Mereka adalah orang-orang yang ego dan besar kepala. Mereka hanyalah guru
ruangan atau kelas tidak lebih lebih daripada itu. Apalagi menjadi panutan dan
cerminan bagi banyak orang, sama sekali tidak. Inilah jawaban untuk tidak, bagi
seorang guru tetapi sesungguhnya ia bukan guru pada setiap seseorang.
***
Saya teringat dan selalu
terbayangkan tentang dua sosok guru yang selalu memupuk semangatku untuk selalu
belajar tentang banyak hal. Yang satu secara langsung dan yang satunya lagi
tidak secara langsung. Dua sosok guru itu adalah Syamsul Anam Illahi dan Yusran
Darmawan. Dua sosok ini adalah orang-orang yang berilmu pengetahuan, mempunyai
kecerdasan, namun tak pernah besar kepala dan selalu menganggap diri mereka
telah berada pada puncak pengetahuan. Mereka adalah orang yang selalu belajar
tentang banyak hal, orang yang selalu belajar bersama siapa saja dan kepada
siapa saja. Mereka adalah dua sosok guru yang rendah hati dan selalu welcome
kepada orang-orang yang ingin belajar bersamanya.

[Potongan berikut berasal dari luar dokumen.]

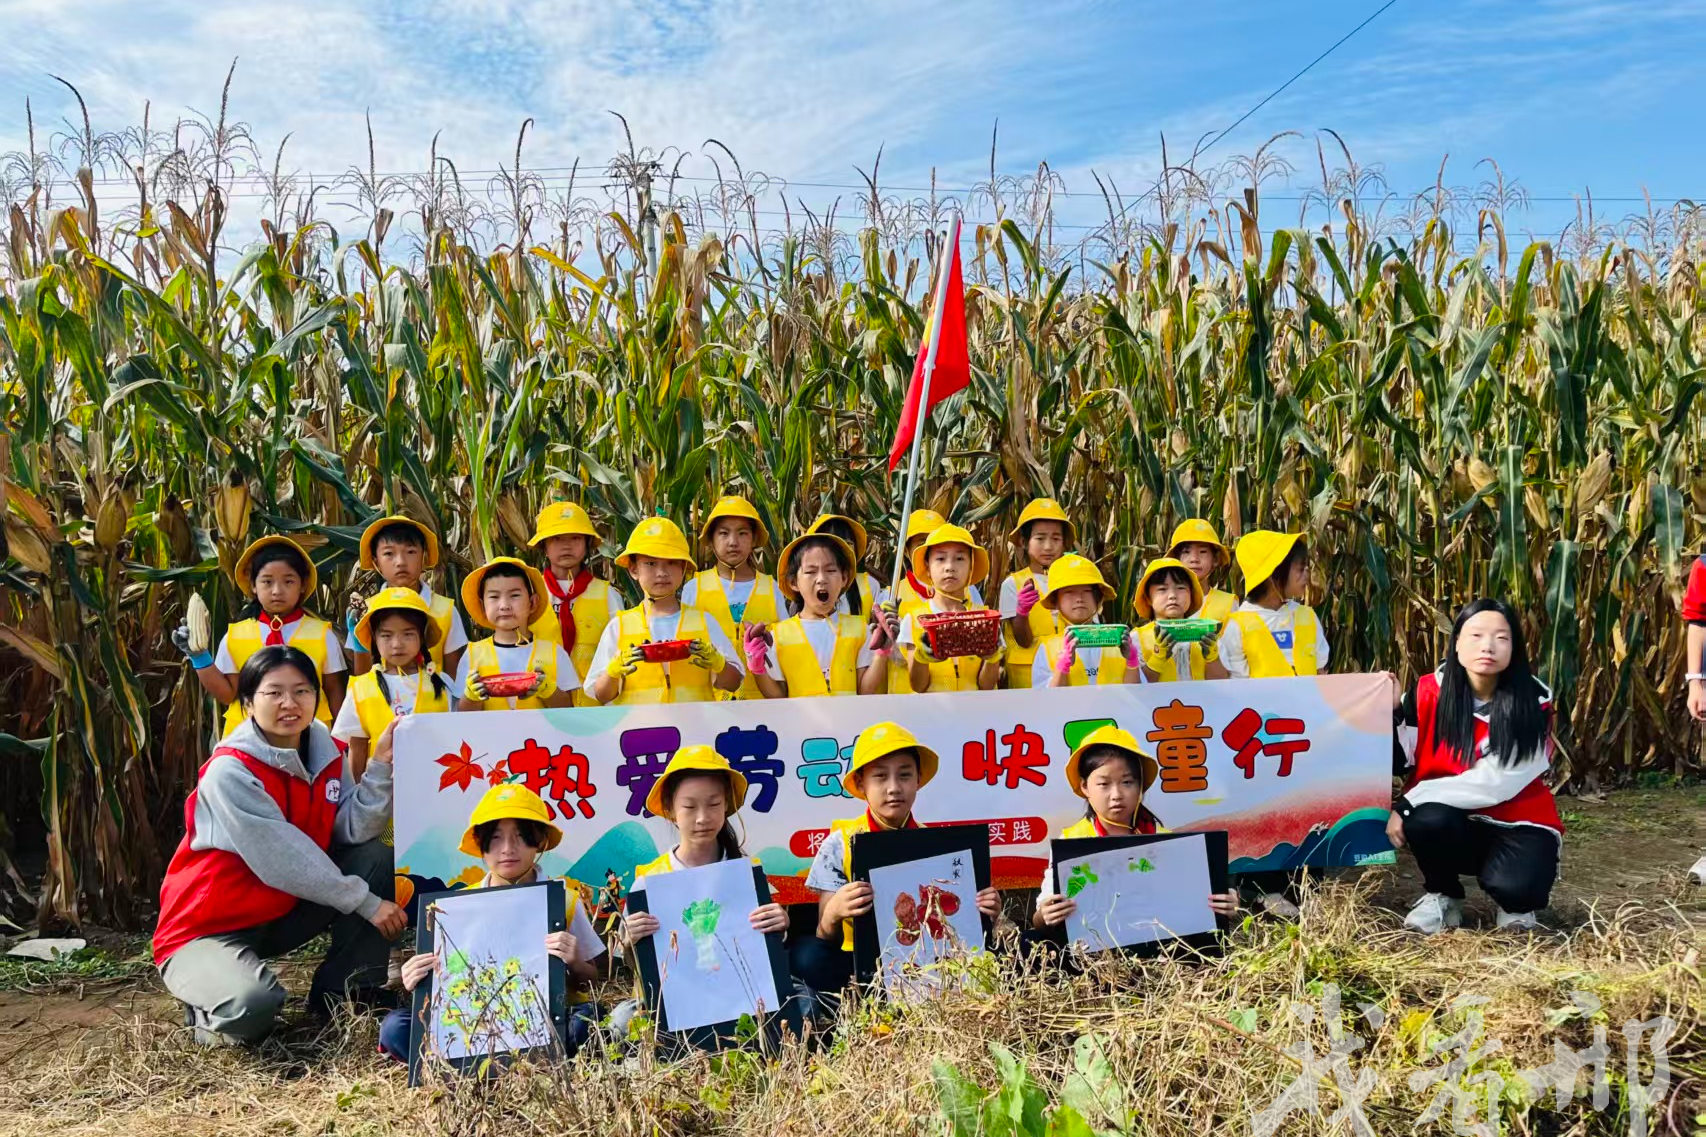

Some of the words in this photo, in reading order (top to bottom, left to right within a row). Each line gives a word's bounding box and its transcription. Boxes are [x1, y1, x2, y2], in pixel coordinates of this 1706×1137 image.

[963, 699, 1311, 794] 快童行
[988, 820, 1032, 843] 实践

Tengah, Syamsul Anam Ilahi, Kanan Patta Hindi Asis. |
Saya cukup mengenal
tentang dua sosok guru ini. Bagi mereka ilmu pengetahuan adalah jalan pengabdian
akan perubahan sosial dimasyarakat. Pengabdian itu, bukan saja didalam ruangan,
tetapi diluar daripada itu. Saya banyak bercerita tentang banyak hal dengan
sosok guru Syamsul Anam Ilahi. Salah satunya, ia selalu menyeruhkan kepada kami
untuk selalu belajar dan banyak membaca buku-buku. Baginya memupuk mahasiswa
agar berkepribadian labih baik dan cerdas adalah salah satu bentuk
pengabdiaanya terhadap masyarakat. Ia tidak hanya ingin mengajarkan tentang
teori-teori diruangan. Ia mencoba memotivasi dan menginspirasi mahasiswa di
luar ruangan agar para mahasiswanya menjadi orang-orang yang berkepribadian
cerdas.
Baginya mungkin
membincangkan teori diruangan kelas, sama pentingnya memberikan mahasiswa jalan
dan motivasi sebagai penggerak mereka dikemudian hari untuk menghadapi kenyataan
kehidupan.
Itulah yang ku tangkap
dari sosok Syamsul Anam Ilahi. Orang yang selalu memancarkan aura positif,
rendah hati dan terbuka kepada siapa pun yang ingin belajar bersamanya.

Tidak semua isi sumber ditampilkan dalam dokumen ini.